Karma is central to the Buddhist worldview and has a significant logical influence on the understanding of EPAS. As suffering is part of the universe’s natural order of balance and justice, EPAS is unable to alleviate suffering and will merely delay it to a subsequent life. The ending of a life is not the solution to suffering because life is seen through the prism of this cyclical existence of death and rebirth. And in fact, the desire for death sits squarely at odds with the Buddhist philosophy that calls for all desires to be extinguished (Keown, 1998 ). Rather than through death, Buddhism teaches that suffering is overcome through enlightenment which is reached through following the eightfold path of righteousness. This eightfold path includes cultivating a moral and right view, right intentions and right conduct, right speech, right conduct, a right livelihood, right effort, right mindfulness and right concentration. Through following the eightfold path, death and suffering cease, and liberation is attained ( Samyutta Nikaya 45.8). This path includes living morally through right action, which extends to avoiding killing, suicide and assisting suicide. Buddhist scriptures specifically tackle the question of assisted suicide ( Vinaya Piṭaka , Collection on Monastic Law), denying its rightness (Kawanda, 2016 ). Likewise, suicide is considered wrong except in the case of the Buddhist who has finally removed all desires and has completed their work and is ready to pass to Nirvana (Keown, 1998 ).
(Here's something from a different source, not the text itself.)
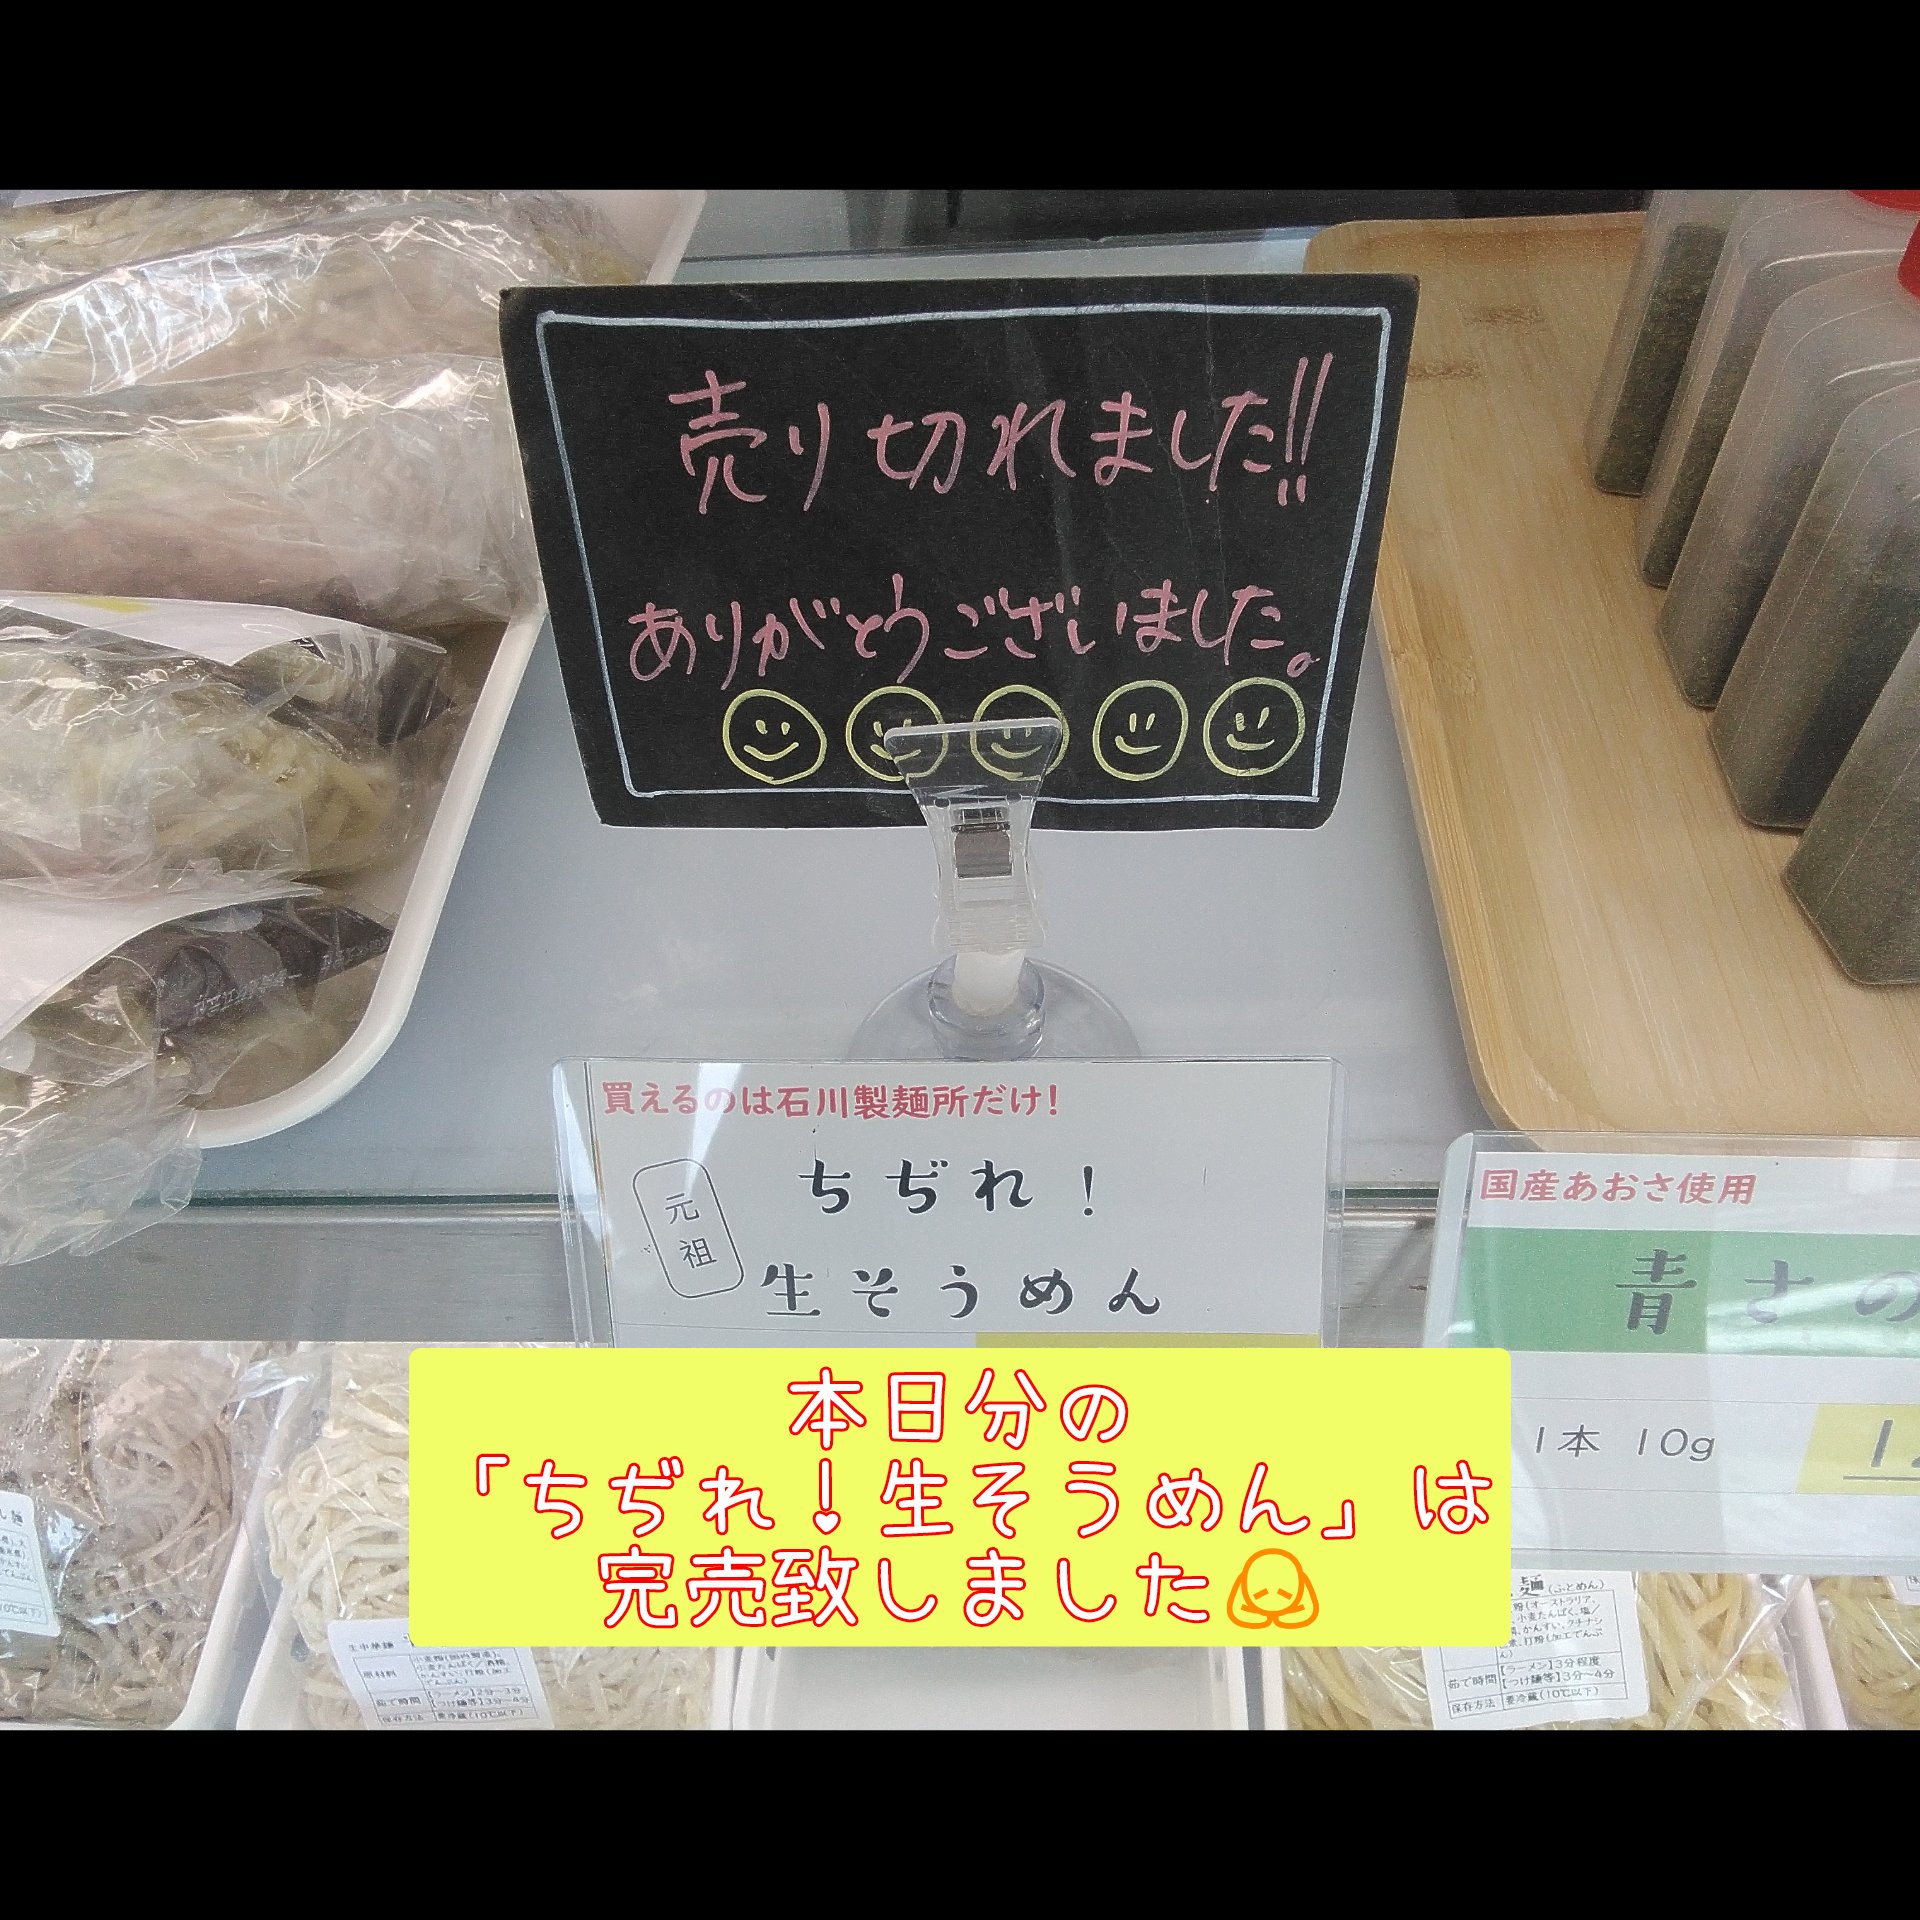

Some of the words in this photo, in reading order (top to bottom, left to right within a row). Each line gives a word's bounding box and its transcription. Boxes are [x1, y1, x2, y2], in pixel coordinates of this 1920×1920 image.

Buddhism aims for its adherents to find liberation from suffering, but not through death. In line with this, Buddhist teaching seeks to comfort those suffering with illness, helping them find peace that transcends their suffering.

Common Themes

Of particular interest is the observation that all four of the major world religions paint EPAS in a negative light. Their holy texts, scholars and official bodies consistently speak against the moral acceptability of EPAS. This contrasts with a secular and atheistic worldview where EPAS is frequently supported (DeCesare, 2000 ). The locus of morality of all four religions may play a role in this contrast. A secular or atheist worldview might contend that morality comes from within as an inherent, internal characteristic of each individual. Alternatively, this worldview may assume the need for a consequentialist ethic where outcome defines an action’s morality. In contrast, all four religions describe an external arbiter of morality in the form of deontological philosophy. In Christianity and Islam, this authority is God as revealed in either the Bible or Quran, and in Hinduism and Buddhism, the arbiter is the universal cosmic force or dharma. This inevitably leads practitioners of these religions to seek to understand morality not from within but instead in accordance with this external arbiter and as shown, all four religions develop a strong deontologically based position that it is inherently wrong to intentionally kill another human.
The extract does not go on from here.